(Image-backed grounding data)
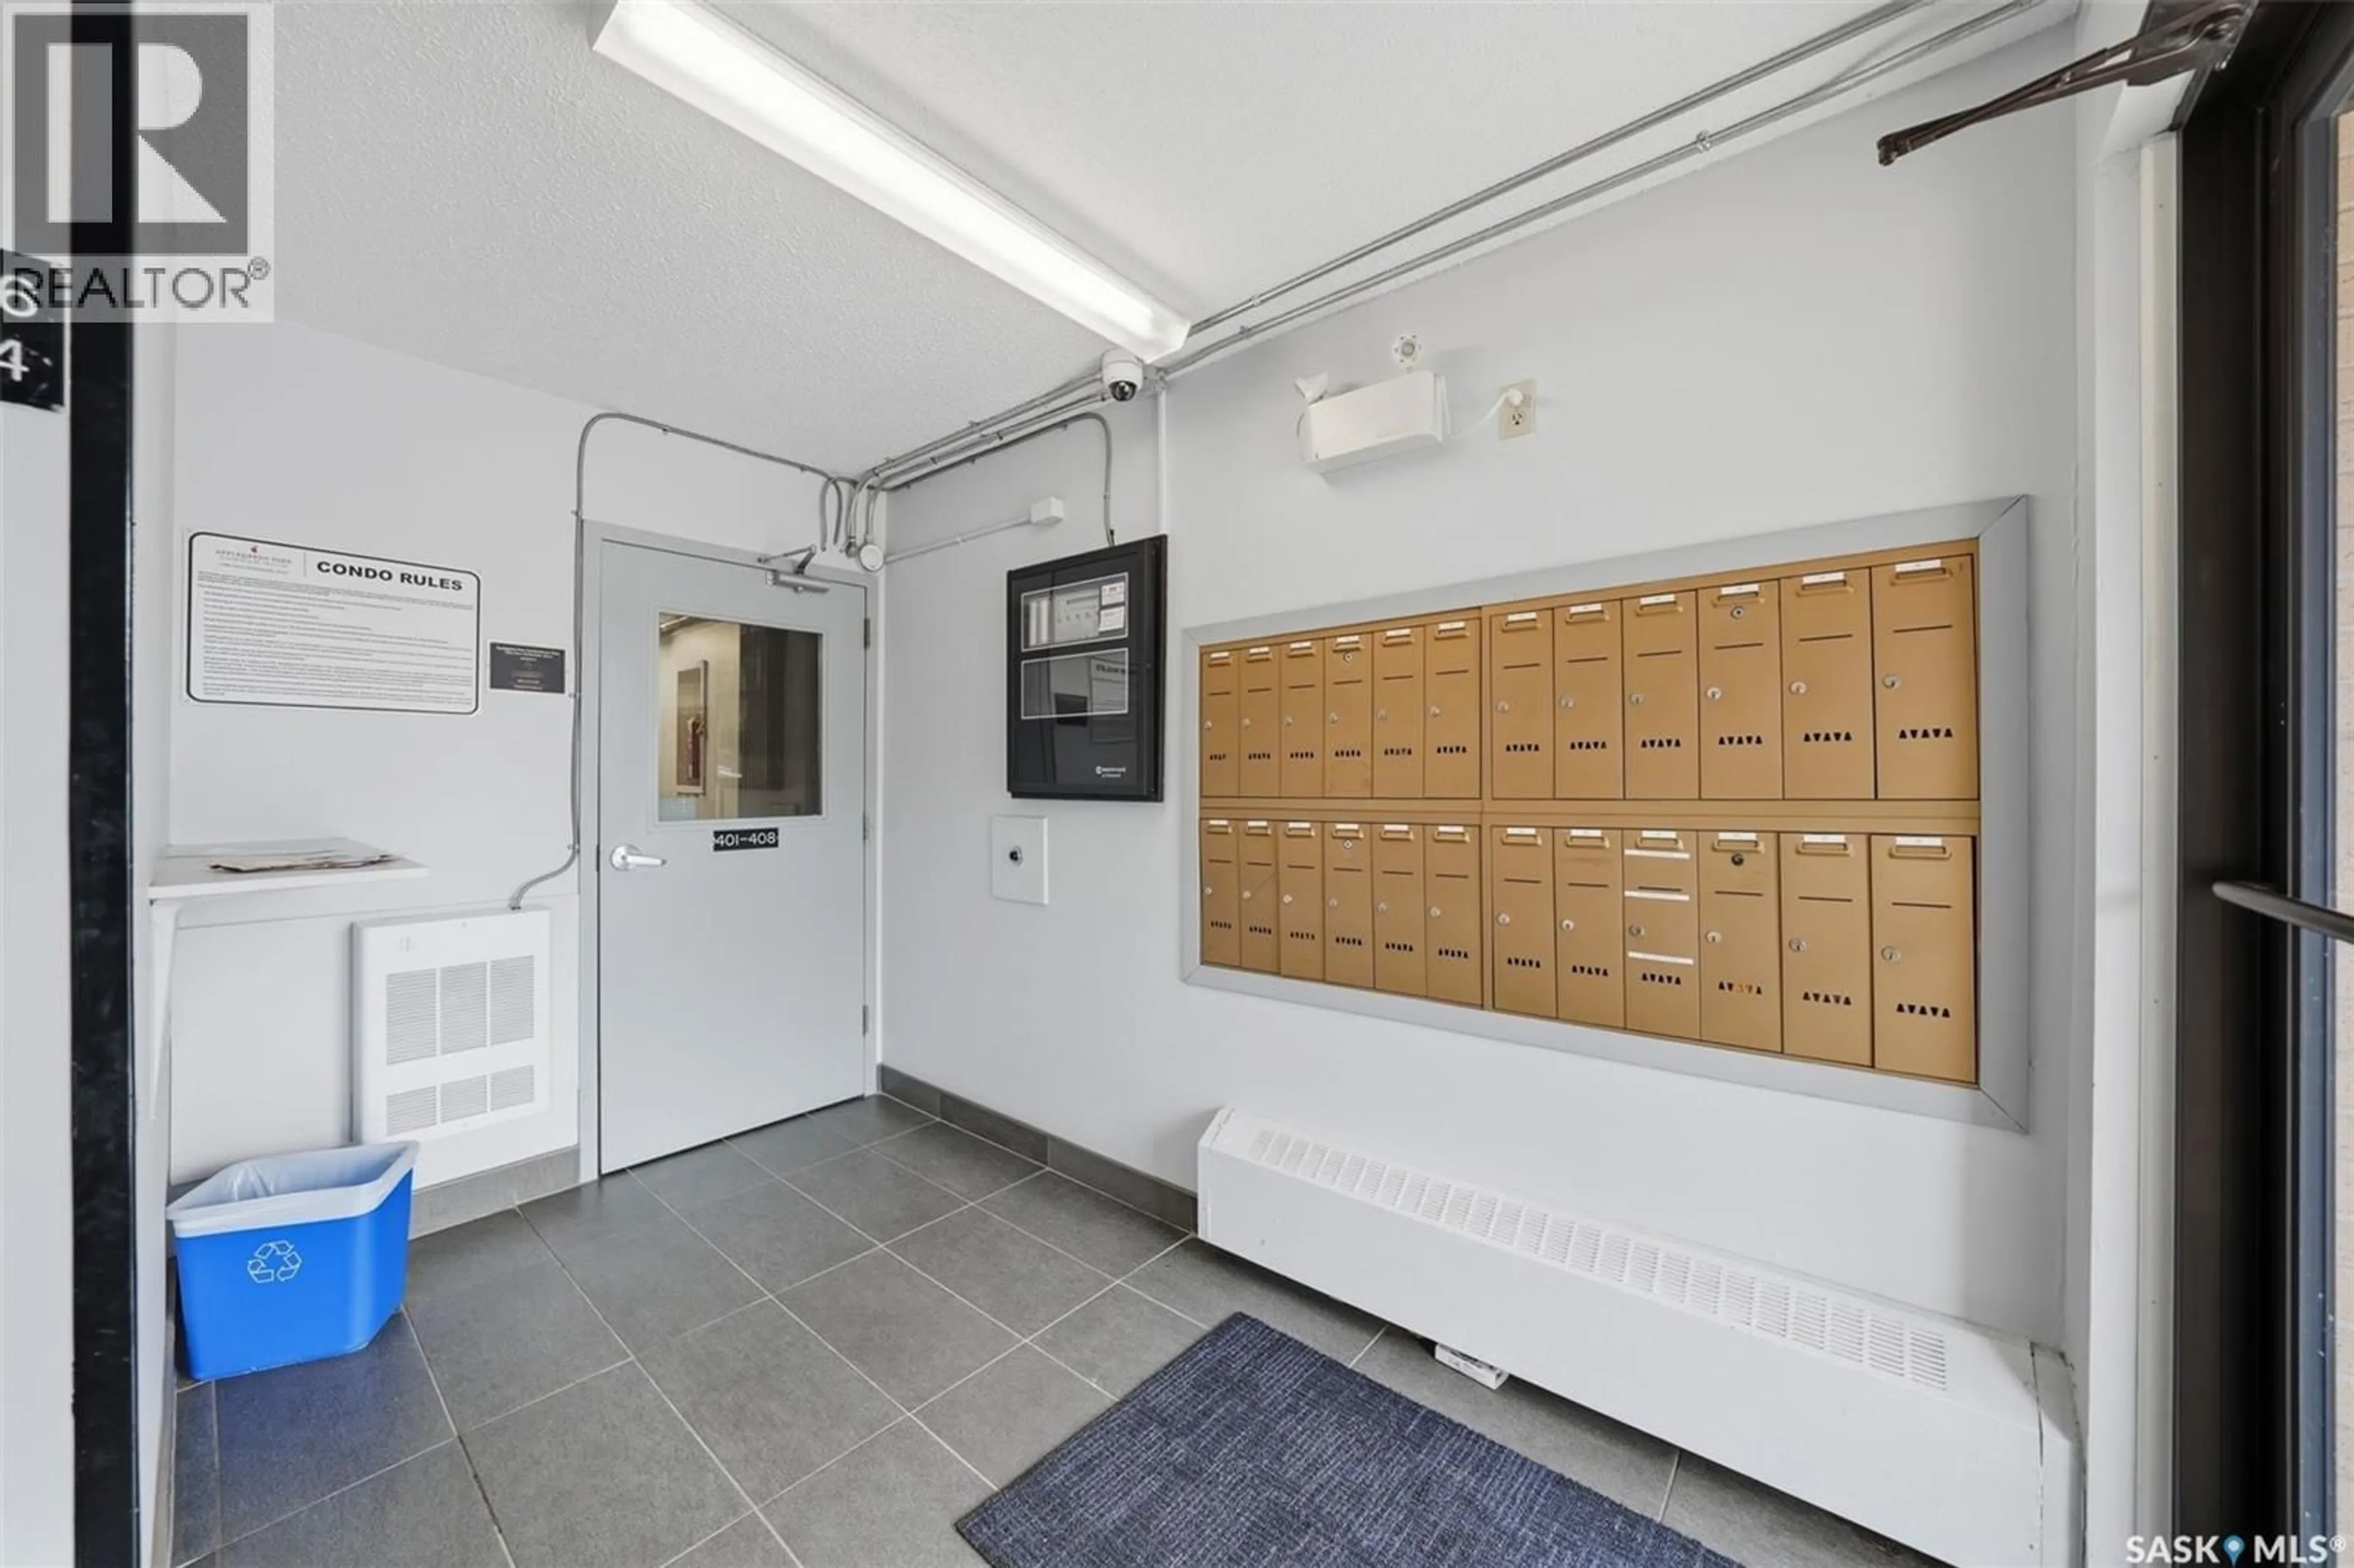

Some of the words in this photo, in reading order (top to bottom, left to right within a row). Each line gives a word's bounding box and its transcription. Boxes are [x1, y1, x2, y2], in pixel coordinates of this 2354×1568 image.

[0, 338, 29, 381] 4
[317, 561, 392, 581] CONDO
[400, 573, 462, 591] RULES
[714, 832, 776, 847] 401-408
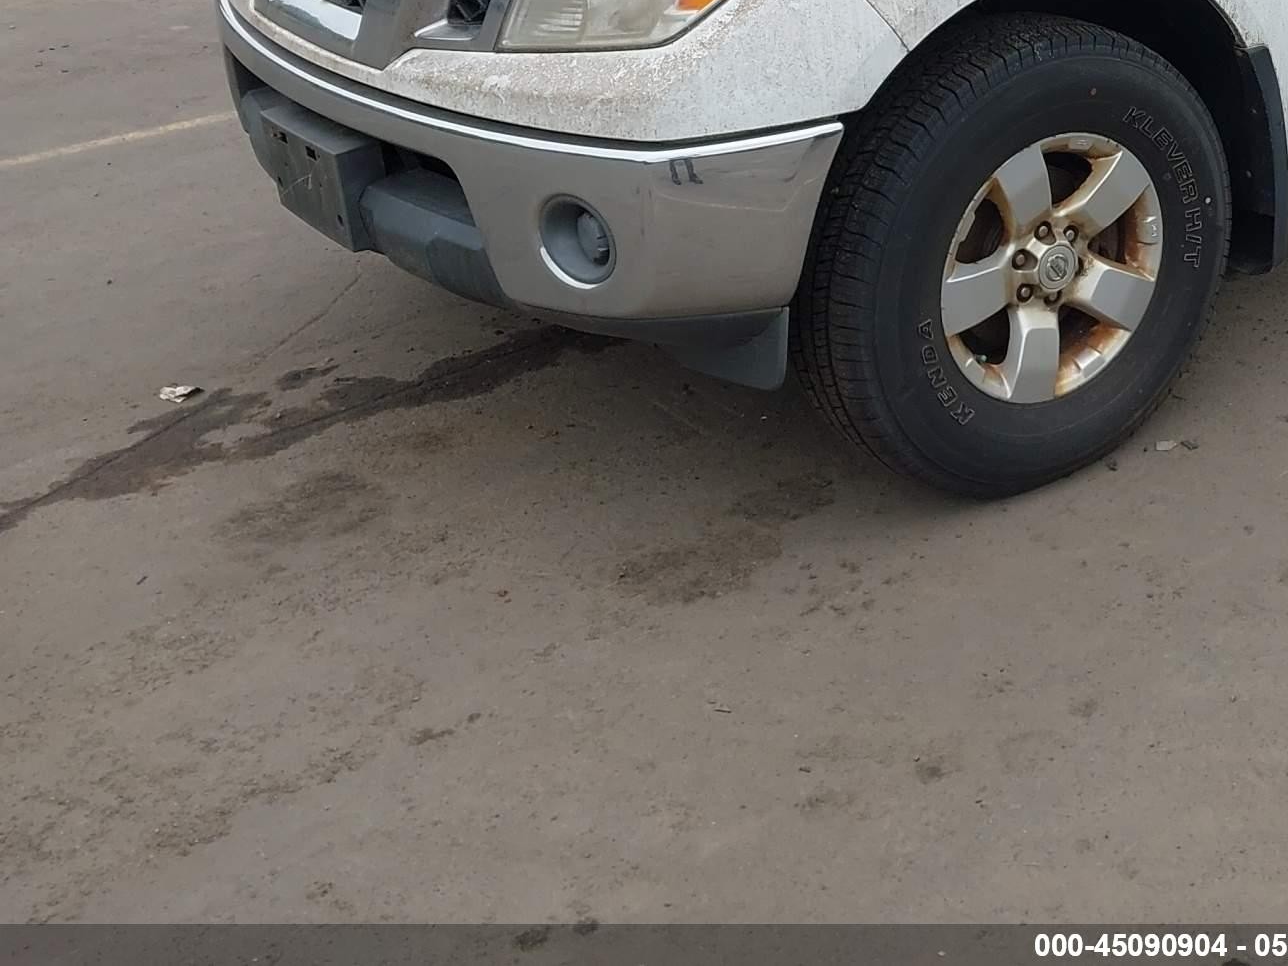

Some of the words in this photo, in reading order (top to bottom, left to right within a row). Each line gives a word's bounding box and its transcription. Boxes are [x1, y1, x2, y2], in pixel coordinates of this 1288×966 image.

[1122, 105, 1199, 204] KLEVER
[1183, 206, 1202, 268] H/T
[918, 318, 975, 425] KENDA

# EXERCISE:
Every record above should be written out again exactly; the pictures stay out of the copy.

# EXPECTED ANSWER:
Some of the words in this photo, in reading order (top to bottom, left to right within a row). Each line gives a word's bounding box and its transcription. Boxes are [x1, y1, x2, y2], in pixel coordinates of this 2354×1568 image.

[0, 338, 29, 381] 4
[317, 561, 392, 581] CONDO
[400, 573, 462, 591] RULES
[714, 832, 776, 847] 401-408

Some of the words in this photo, in reading order (top to bottom, left to right within a row). Each line gives a word's bounding box and its transcription. Boxes are [x1, y1, x2, y2], in pixel coordinates of this 1288×966 image.

[1122, 105, 1199, 204] KLEVER
[1183, 206, 1202, 268] H/T
[918, 318, 975, 425] KENDA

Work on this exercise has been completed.